Die Ego - The Underworld, London - 17 October 2025. Photo: Ash Nash/MetalTalk
Die Ego – The Underworld, London – 17 October 2025. Photo: Ash Nash/MetalTalk

‘Guitarist on a leash’ Diego Fardel is a never-ending source of epic guitar solos and entertaining carnage; “Cables, you know, they fucking suck,” Diego chuckles, after getting wrapped up on stage and unplugging them with his physical enthusiasm. The joys and imperfections of live music will never be underappreciated, and the boys of Die Ego, completed by new drummer Bruce Praill, are slick in their handling of musical and technological chaos. 

Accompanied by the red lights of hell, Progressive Blackened Death nightmares Damim are next up, launching into a performance of nonstop drum bashes and rageful chugging, as a committed line of headbangers clinging to the front of the stage do their damndest to keep up.

Damim - The Underworld, London - 17 October 2025. Photo: Ash Nash/MetalTalk
Damim – The Underworld, London – 17 October 2025. Photo: Ash Nash/MetalTalk

The pace of Damim is so relentless that it verges on stressful, but in an endorphin-releasing kind of way.
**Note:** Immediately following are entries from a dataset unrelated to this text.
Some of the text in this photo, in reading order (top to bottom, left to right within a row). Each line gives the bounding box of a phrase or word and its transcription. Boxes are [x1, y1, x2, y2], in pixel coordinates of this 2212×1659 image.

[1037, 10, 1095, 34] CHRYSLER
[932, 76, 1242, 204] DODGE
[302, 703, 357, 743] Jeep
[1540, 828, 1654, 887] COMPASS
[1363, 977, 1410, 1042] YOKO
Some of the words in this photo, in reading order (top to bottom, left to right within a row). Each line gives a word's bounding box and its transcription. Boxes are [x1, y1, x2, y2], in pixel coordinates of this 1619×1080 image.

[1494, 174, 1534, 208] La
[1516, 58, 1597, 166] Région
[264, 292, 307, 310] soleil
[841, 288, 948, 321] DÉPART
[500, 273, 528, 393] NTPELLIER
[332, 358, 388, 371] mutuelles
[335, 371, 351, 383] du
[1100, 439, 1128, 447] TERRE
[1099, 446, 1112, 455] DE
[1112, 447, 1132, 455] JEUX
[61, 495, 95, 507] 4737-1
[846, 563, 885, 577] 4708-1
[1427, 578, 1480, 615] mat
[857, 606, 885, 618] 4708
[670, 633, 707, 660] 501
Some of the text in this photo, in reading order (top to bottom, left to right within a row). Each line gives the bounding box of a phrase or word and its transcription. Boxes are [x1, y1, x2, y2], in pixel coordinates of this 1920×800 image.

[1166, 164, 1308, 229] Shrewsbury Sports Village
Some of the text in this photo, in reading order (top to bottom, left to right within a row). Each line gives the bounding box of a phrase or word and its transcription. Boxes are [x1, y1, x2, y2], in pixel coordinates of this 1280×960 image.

Vocalist Nathanael Underwood confirms the band’s intentions when he ponders the “need to pierce those eardrums”, before descending into the Descendent Of Amalek. Damim’s set is a haze of fury, coloured only by the lighting trip through the colours of the rainbow.

Our final D of the night is Dendera, whose modern Melodic Metal brings a cheeriness to every Metalhead’s favourite Camden basement, and a surge in energy amplified by vocalist Ashley Edison’s rapport with the crowd. It’s horns up, smiles out, and a slew of earworms from this Portsmouth-based band of brothers. 

Dendera - The Underworld, London - 17 October 2025. Photo: Ash Nash/MetalTalk
Dendera – The Underworld, London – 17 October 2025. Photo: Ash Nash/MetalTalk

Sinsaenum break the silence with In Devastation’s title track, opening the floodgates to an hour of emotionally heightened, celebratory, Death Metal punches. Extreme vocalist Sean Zatorsky unleashes his magnetic command on the Underworld, beckoning everyone forth to open a pit, his eyes piercing the souls of anyone who dares to look away. Spacious yet vicious, wild and carefree, the intimacy of this small show and its power to erase the outside world is unrivalled. 

Older tracks Ashes, Sacred Martyr, and Splendor And Agony reveal the savages in the crowd, tumbling over each other to demonstrate their devotion to Sinsaenum and free a few of their own demons while they’re at it. 

But then it is time to turn it down a notch. “This one goes out to our brother Joey and anyone who’s ever lost someone,” Sean says, before the melodic tension of The Last Goodbye takes over. In Devastation, the album dedicated to Joey Jordison, who passed four years prior to its release, and to Leclercq’s father, is weighted in loss and powered by the band’s grief, but characterised by its hulking, textured, unfiltered heaviness.

Sinsaenum - The Underworld, London - 17 October 2025. Photo: Ash Nash/MetalTalk
Sinsaenum – The Underworld, London – 17 October 2025. Photo: Ash Nash/MetalTalk

With Andre Joyzi, Joey’s former drum tech, taking up the drumsticks, the family camaraderie of the band lives on. Although for this tour, Moonspell’s Aires Pereira picked up the bass, joining guitarists Frédéric Leclercq and Stéphane Buriez to make up the international Sinsaenum assault.  

The body smashing pit returns for Army Of Chaos, with chains of Sinsaenum T-shirt clad fans headbanging their way into oblivion as shouts of “chaos” wash over the Underworld. Two more of Sinsaenum’s gifts to 2025, Shades Of Black and Spiritual Lies, ensure that time absolutely plummets past, steered by the menacing riffs and coolness oozing off the stage. Final Resolve slams on a final burst of impassioned, creative precision, and swallows up any remnants of malcontent. The crowd leaves the Underworld high on Sinsaenum, lighter from this evening of aggressive catharsis and reunion.